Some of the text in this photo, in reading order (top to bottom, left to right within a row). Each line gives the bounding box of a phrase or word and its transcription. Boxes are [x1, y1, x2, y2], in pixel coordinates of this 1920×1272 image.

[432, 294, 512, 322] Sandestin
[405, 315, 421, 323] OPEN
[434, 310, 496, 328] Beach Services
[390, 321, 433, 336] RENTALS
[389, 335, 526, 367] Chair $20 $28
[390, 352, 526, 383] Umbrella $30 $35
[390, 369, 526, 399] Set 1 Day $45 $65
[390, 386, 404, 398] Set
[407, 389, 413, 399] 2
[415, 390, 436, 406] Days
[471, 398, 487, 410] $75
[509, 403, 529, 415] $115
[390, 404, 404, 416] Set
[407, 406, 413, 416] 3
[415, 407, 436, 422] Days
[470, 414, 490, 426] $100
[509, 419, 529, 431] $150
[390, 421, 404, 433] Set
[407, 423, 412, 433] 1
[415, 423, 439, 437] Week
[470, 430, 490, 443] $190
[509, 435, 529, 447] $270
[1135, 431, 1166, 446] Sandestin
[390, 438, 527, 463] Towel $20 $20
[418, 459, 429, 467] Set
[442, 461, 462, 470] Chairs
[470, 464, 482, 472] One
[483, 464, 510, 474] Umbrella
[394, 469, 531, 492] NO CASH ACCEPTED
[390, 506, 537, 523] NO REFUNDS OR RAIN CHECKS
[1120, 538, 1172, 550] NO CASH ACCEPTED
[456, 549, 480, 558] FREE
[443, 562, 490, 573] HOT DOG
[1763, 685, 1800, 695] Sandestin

= = =

Brief
Print the entire listing above once more, with nothing changed.

Finished task
Some of the text in this photo, in reading order (top to bottom, left to right within a row). Each line gives the bounding box of a phrase or word and its transcription. Boxes are [x1, y1, x2, y2], in pixel coordinates of this 1920×1272 image.

[432, 294, 512, 322] Sandestin
[405, 315, 421, 323] OPEN
[434, 310, 496, 328] Beach Services
[390, 321, 433, 336] RENTALS
[389, 335, 526, 367] Chair $20 $28
[390, 352, 526, 383] Umbrella $30 $35
[390, 369, 526, 399] Set 1 Day $45 $65
[390, 386, 404, 398] Set
[407, 389, 413, 399] 2
[415, 390, 436, 406] Days
[471, 398, 487, 410] $75
[509, 403, 529, 415] $115
[390, 404, 404, 416] Set
[407, 406, 413, 416] 3
[415, 407, 436, 422] Days
[470, 414, 490, 426] $100
[509, 419, 529, 431] $150
[390, 421, 404, 433] Set
[407, 423, 412, 433] 1
[415, 423, 439, 437] Week
[470, 430, 490, 443] $190
[509, 435, 529, 447] $270
[1135, 431, 1166, 446] Sandestin
[390, 438, 527, 463] Towel $20 $20
[418, 459, 429, 467] Set
[442, 461, 462, 470] Chairs
[470, 464, 482, 472] One
[483, 464, 510, 474] Umbrella
[394, 469, 531, 492] NO CASH ACCEPTED
[390, 506, 537, 523] NO REFUNDS OR RAIN CHECKS
[1120, 538, 1172, 550] NO CASH ACCEPTED
[456, 549, 480, 558] FREE
[443, 562, 490, 573] HOT DOG
[1763, 685, 1800, 695] Sandestin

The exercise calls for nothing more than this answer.